Thus when we speak of how some bad event ruined a vacation that we took, it is not that we had a bad experience, but that we now carry a bad memory of that experience. Similarly, Dr. Kahneman points out, when we think about the future -- such as that trip to Paris you are taking next month -- what we are anticipating are the good memories we expect to have from that experience. This leads to what Dr. Kahneman calls "the tyranny of the remembering self -- you can think of the remembering self as dragging the experiencing self through experiences the latter does not need." And that insight has profound implications for how we study what we call "happiness," which means one thing to the experiencing self, and another thing entirely to the remembering self. How satisfied a person is with his life (i.e., how he looks back on his accomplishments and failures) does not tell you how well he is experiencing his life.
In other words, Dr. Kahneman finally explains the truth behind the old joke about the patient who asks his doctor: "If I give up tobacco, alcohol, fatty foods and desserts, will I live any longer?" And the doctor replies: "I can't promise that if you give up those things, you will live any longer. What I can promise you is that if you give up those things, it will seem longer."

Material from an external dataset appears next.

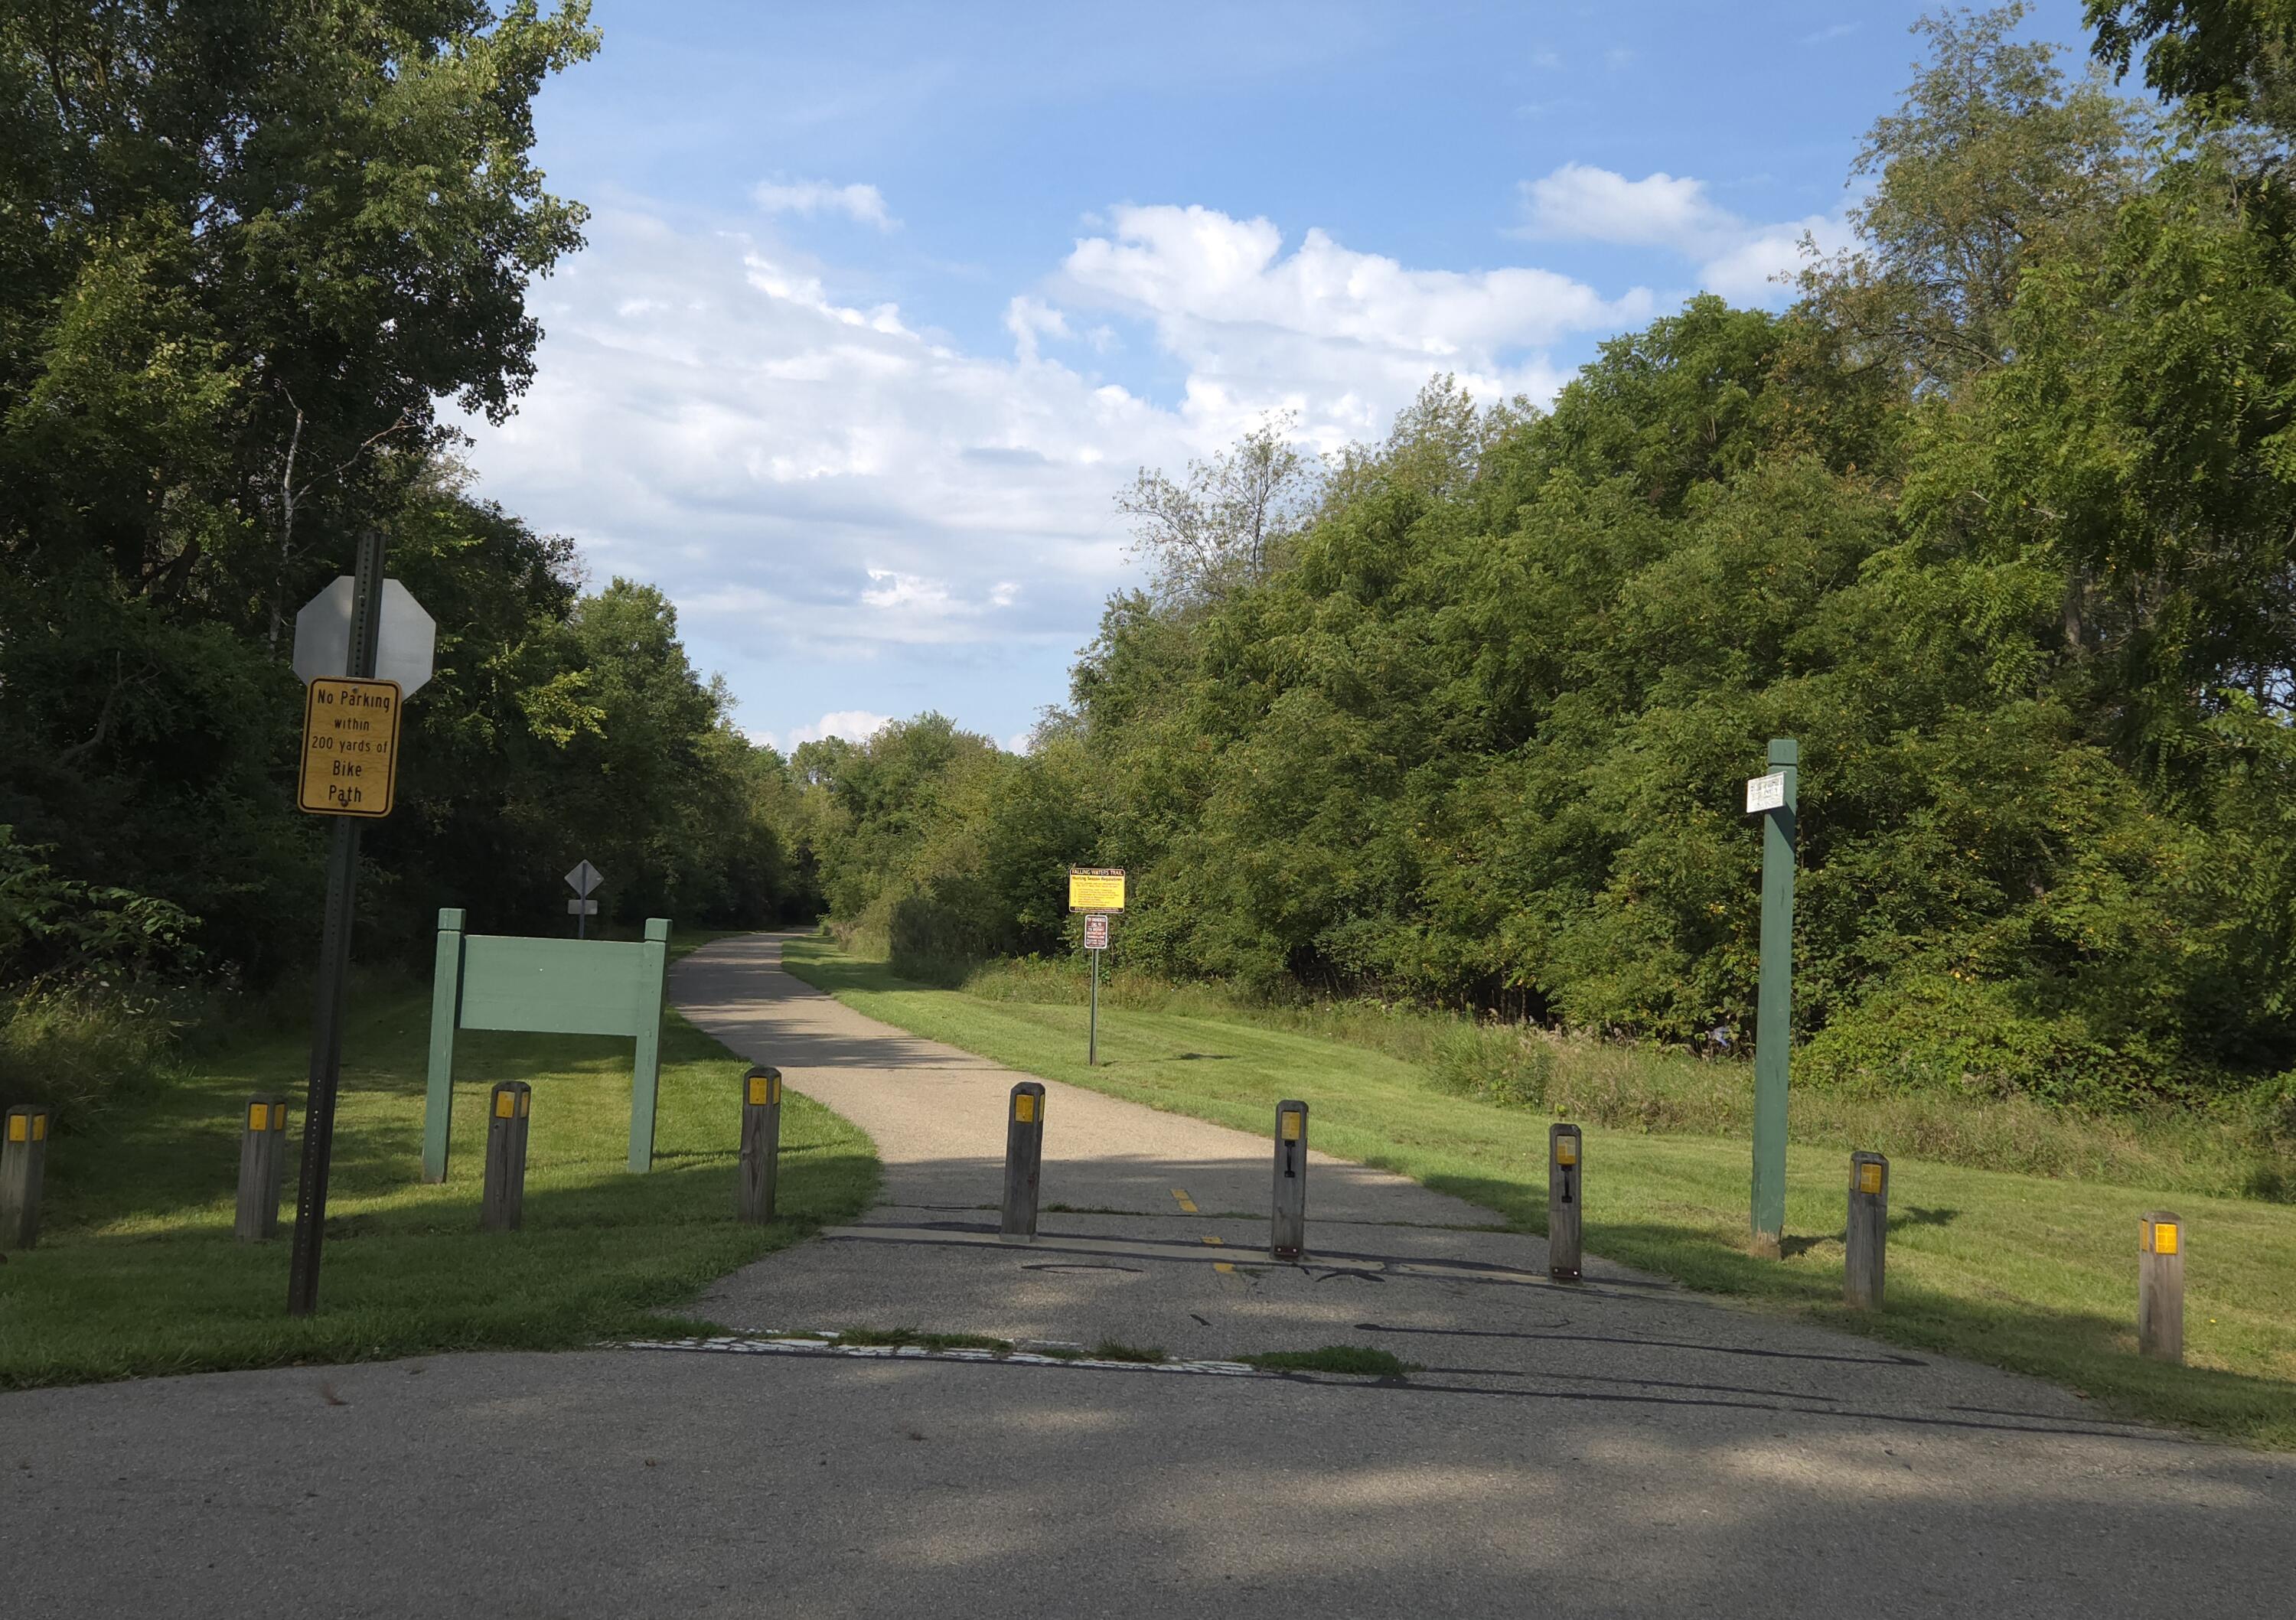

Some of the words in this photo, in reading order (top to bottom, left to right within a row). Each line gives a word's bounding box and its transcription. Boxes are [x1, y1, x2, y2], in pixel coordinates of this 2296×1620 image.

This talk was delivered at the TED Conference in Long Beach earlier this year:
Here is a link to more information about Daniel Kahneman -- be sure to read his remarks about the "adversarial collaboration" he enjoyed with his co-researcher, Amos Tversky. Here is his homepage at Princeton, and here is his page on Edge, with links to more of his talks. You may watch his TED talk in its high-res version at this link, and you may download his talk in that and other versions from this page.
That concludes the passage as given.